KILL KILL KILL Read online

Page 9


  “You don’t waste any time.”

  “I’m done wasting time on this one. Good people are dead. Somebody tried to blow me up this afternoon. And I got a feeling this isn’t the end of it. There’s somebody else in this game, and I think the group knows more than they’re letting on.”

  “What makes you think I’ll tell you?”

  “Survival. If you want me to do my job and keep you alive then you’ll give me what I need to do my job the right way. That and I think you don’t agree with them anyway.”

  Victoria grins just slightly and that lets him know he’s right. She sits down with her drink.

  “What if I tell you and you don’t believe me?” Victoria says as she swirls the dark red wine in front of her.

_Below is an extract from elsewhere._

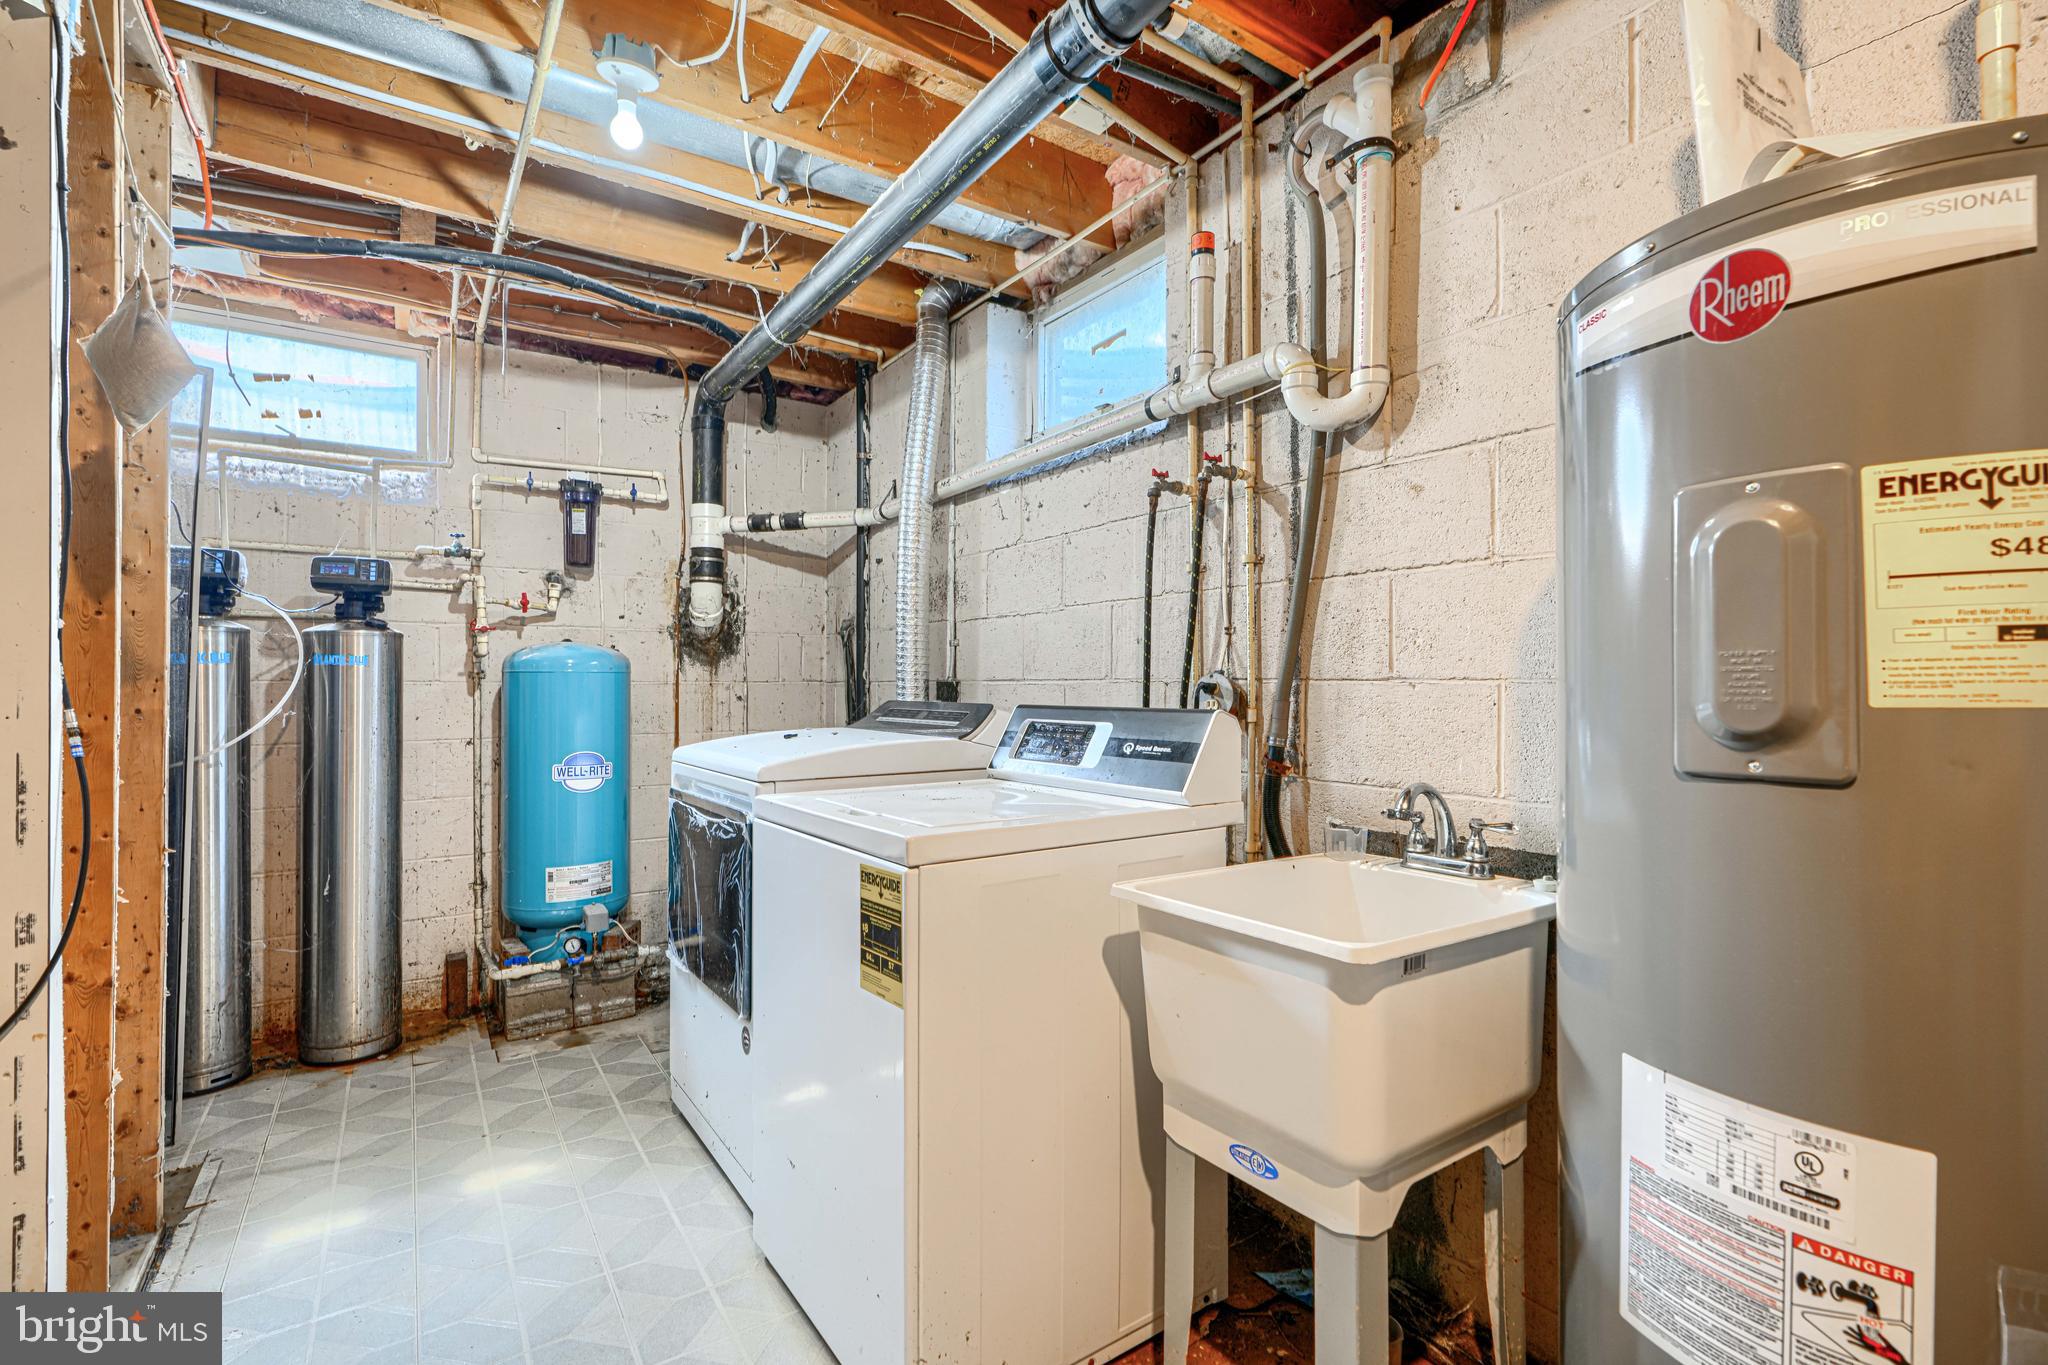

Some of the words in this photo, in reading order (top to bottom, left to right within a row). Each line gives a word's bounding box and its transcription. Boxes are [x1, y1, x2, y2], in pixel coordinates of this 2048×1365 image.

  “I’ve seen a real live ninja vanish in a puff of smoke, an eight-year-old kill a Spetznatz team with a spork, and the pieces my daddy brought home from the Roswell crash. I believe what I see right in front of me, if that makes any sense to you.”

  Victoria smiles. “You saw Van Duyn right in front of you. What do you believe about that?”

  “I liked Star Trek when I was a kid. Spock used to say once you have eliminated the impossible, whatever remains has to be the truth.”

  “It’s from Sherlock Holmes,” Victoria interrupts, unintentionally reminding Walter that she has a doctorate in English Literature.

  “Huh,” Walter stops, puzzled. “Sorry. I went to a fox hole instead of college.”

  Victoria smiles and makes a feint exhale of a laugh that makes Walter think she likes him, but that she pities him at the same time. Walter grows more serious.

  “I think something ate Eli Van Duyn’s legs and his wife’s head. Maybe the killer, the bad man, fed them to something. I don’t know. The real question is: why? I think you know why.”

  She takes an uncharacteristically large swig and finishes the glass. “No,” she says. “Not really.”

  “But you know more than I do, and that’s enough to freak you the fuck out. What is it, Victoria?”

  “Van Duyn spent the last few weeks before he was killed trying to convince us that something very strange was conspiring against us,” she stops and sighs. “Specifically, reptilian humanoids from another dimension.”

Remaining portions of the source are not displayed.